[Image-backed grounding data]:
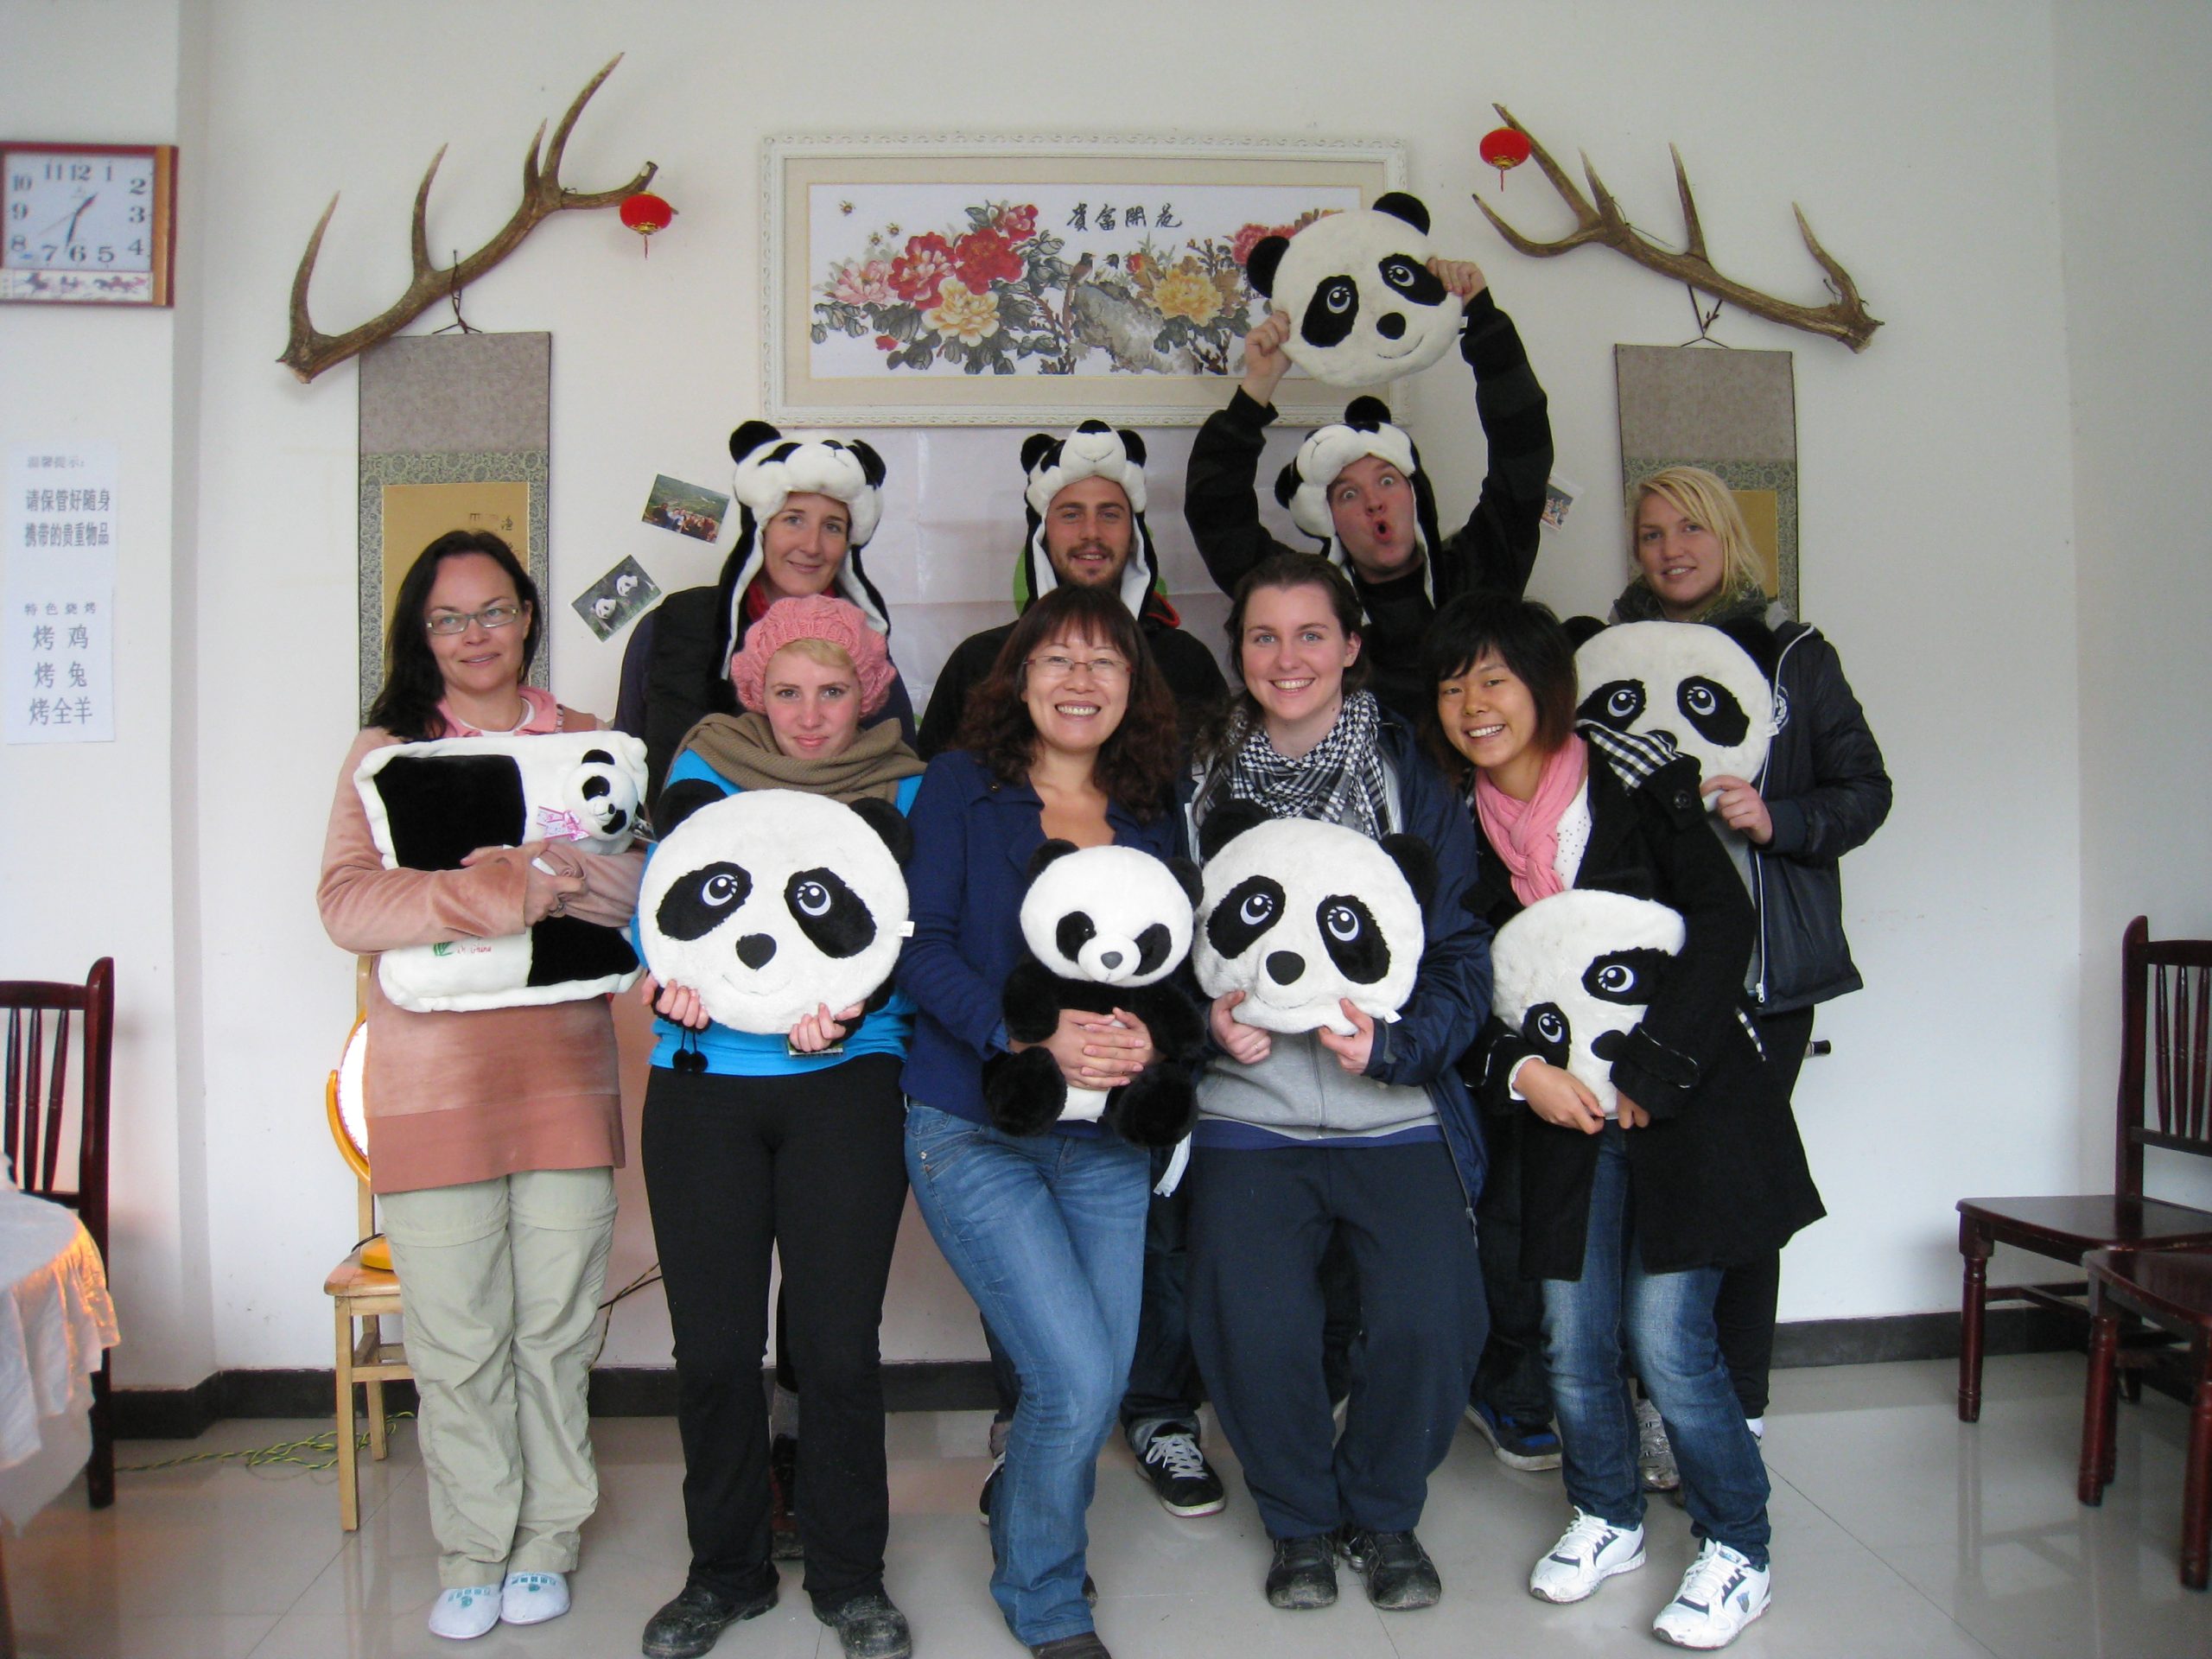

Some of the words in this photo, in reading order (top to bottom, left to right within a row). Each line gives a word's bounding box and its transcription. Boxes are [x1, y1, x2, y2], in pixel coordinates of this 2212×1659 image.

[45, 163, 62, 181] 11
[70, 164, 91, 181] 12
[105, 165, 112, 181] 1
[13, 175, 32, 191] 10
[130, 178, 146, 194] 2
[12, 203, 28, 219] 9
[130, 207, 145, 223] 3
[11, 235, 26, 251] 8
[128, 238, 143, 255] 4
[42, 245, 58, 261] 7
[69, 245, 86, 261] 6
[98, 246, 114, 263] 5
[29, 696, 92, 726] 烤全羊
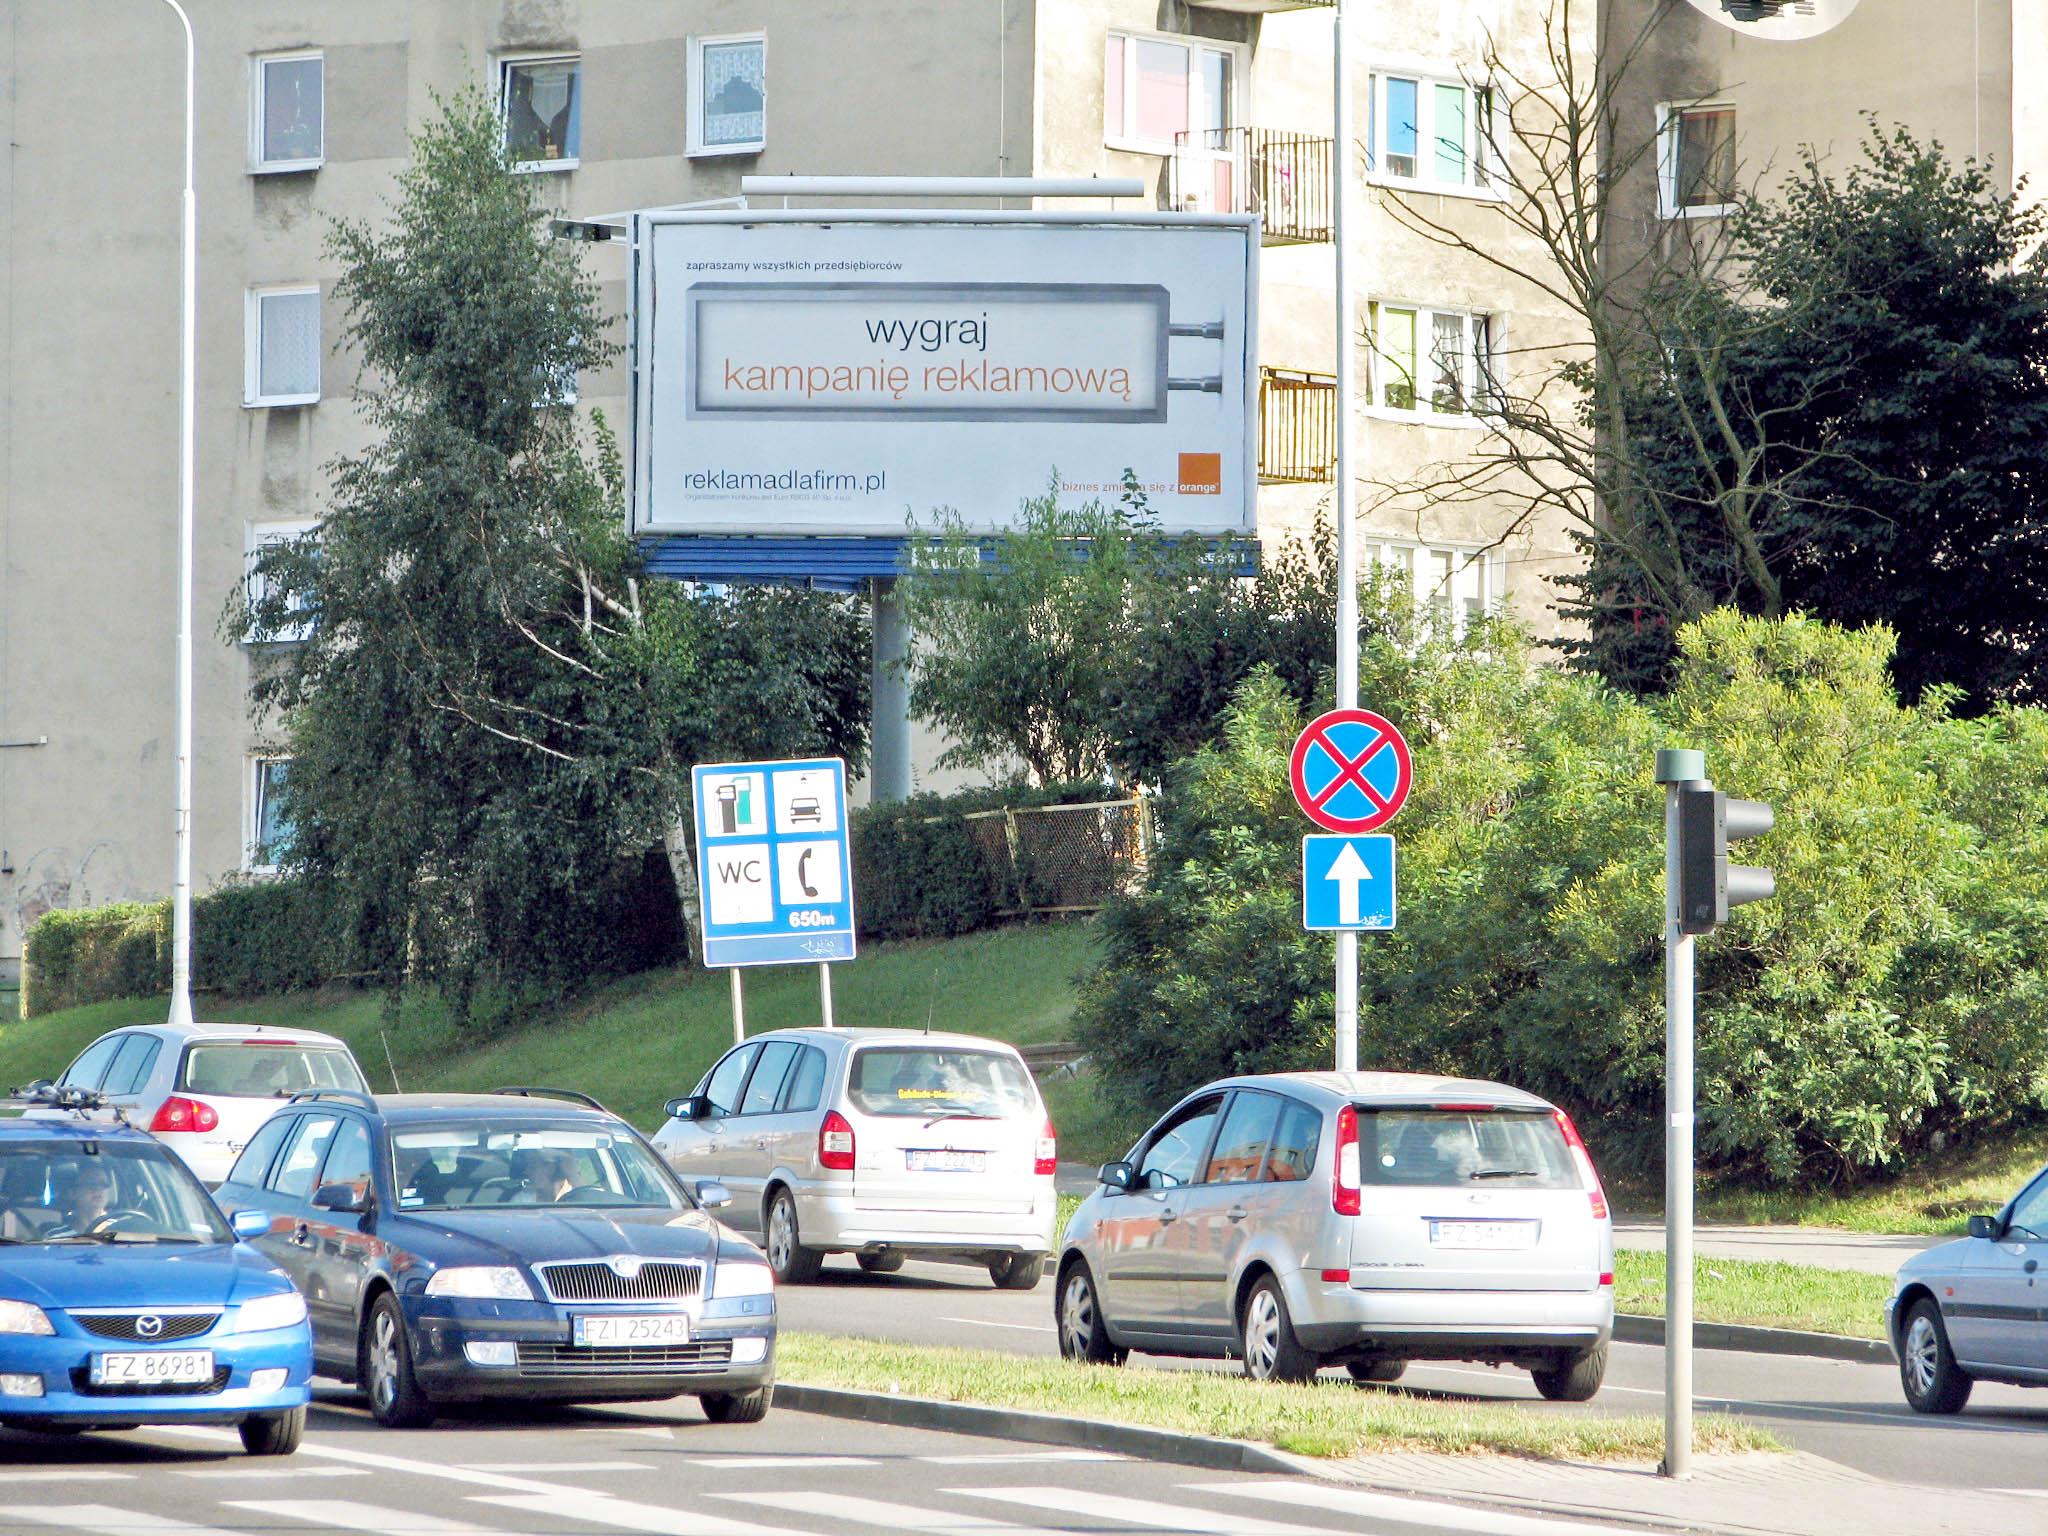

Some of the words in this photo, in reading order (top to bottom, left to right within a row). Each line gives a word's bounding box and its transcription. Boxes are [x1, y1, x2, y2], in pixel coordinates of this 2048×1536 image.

[686, 262, 749, 271] zapraszamy
[753, 260, 811, 270] wszystkich
[814, 260, 903, 271] przedsiębiorców
[865, 312, 988, 352] wygraj
[724, 358, 910, 400] kampanię
[924, 359, 1132, 402] reklamową
[684, 469, 886, 495] reklamadlafirm.pl
[1062, 481, 1099, 492] biznes
[1150, 481, 1166, 494] się
[1168, 483, 1175, 492] z
[1180, 483, 1216, 494] orange
[717, 860, 761, 884] WC
[788, 910, 836, 928] 650m
[586, 1320, 617, 1340] FZI
[629, 1319, 684, 1339] 25243
[106, 1356, 136, 1377] FZ
[145, 1355, 206, 1376] 86981

[WHAT THE TASK ASKS]:
Exactly as written, please copy out the whole set of records, skipping images.

[OUTPUT FOR THIS EXERCISE]:
Some of the words in this photo, in reading order (top to bottom, left to right within a row). Each line gives a word's bounding box and its transcription. Boxes are [x1, y1, x2, y2], in pixel coordinates of this 2212×1659 image.

[45, 163, 62, 181] 11
[70, 164, 91, 181] 12
[105, 165, 112, 181] 1
[13, 175, 32, 191] 10
[130, 178, 146, 194] 2
[12, 203, 28, 219] 9
[130, 207, 145, 223] 3
[11, 235, 26, 251] 8
[128, 238, 143, 255] 4
[42, 245, 58, 261] 7
[69, 245, 86, 261] 6
[98, 246, 114, 263] 5
[29, 696, 92, 726] 烤全羊

Some of the words in this photo, in reading order (top to bottom, left to right within a row). Each line gives a word's bounding box and its transcription. Boxes are [x1, y1, x2, y2], in pixel coordinates of this 2048×1536 image.

[686, 262, 749, 271] zapraszamy
[753, 260, 811, 270] wszystkich
[814, 260, 903, 271] przedsiębiorców
[865, 312, 988, 352] wygraj
[724, 358, 910, 400] kampanię
[924, 359, 1132, 402] reklamową
[684, 469, 886, 495] reklamadlafirm.pl
[1062, 481, 1099, 492] biznes
[1150, 481, 1166, 494] się
[1168, 483, 1175, 492] z
[1180, 483, 1216, 494] orange
[717, 860, 761, 884] WC
[788, 910, 836, 928] 650m
[586, 1320, 617, 1340] FZI
[629, 1319, 684, 1339] 25243
[106, 1356, 136, 1377] FZ
[145, 1355, 206, 1376] 86981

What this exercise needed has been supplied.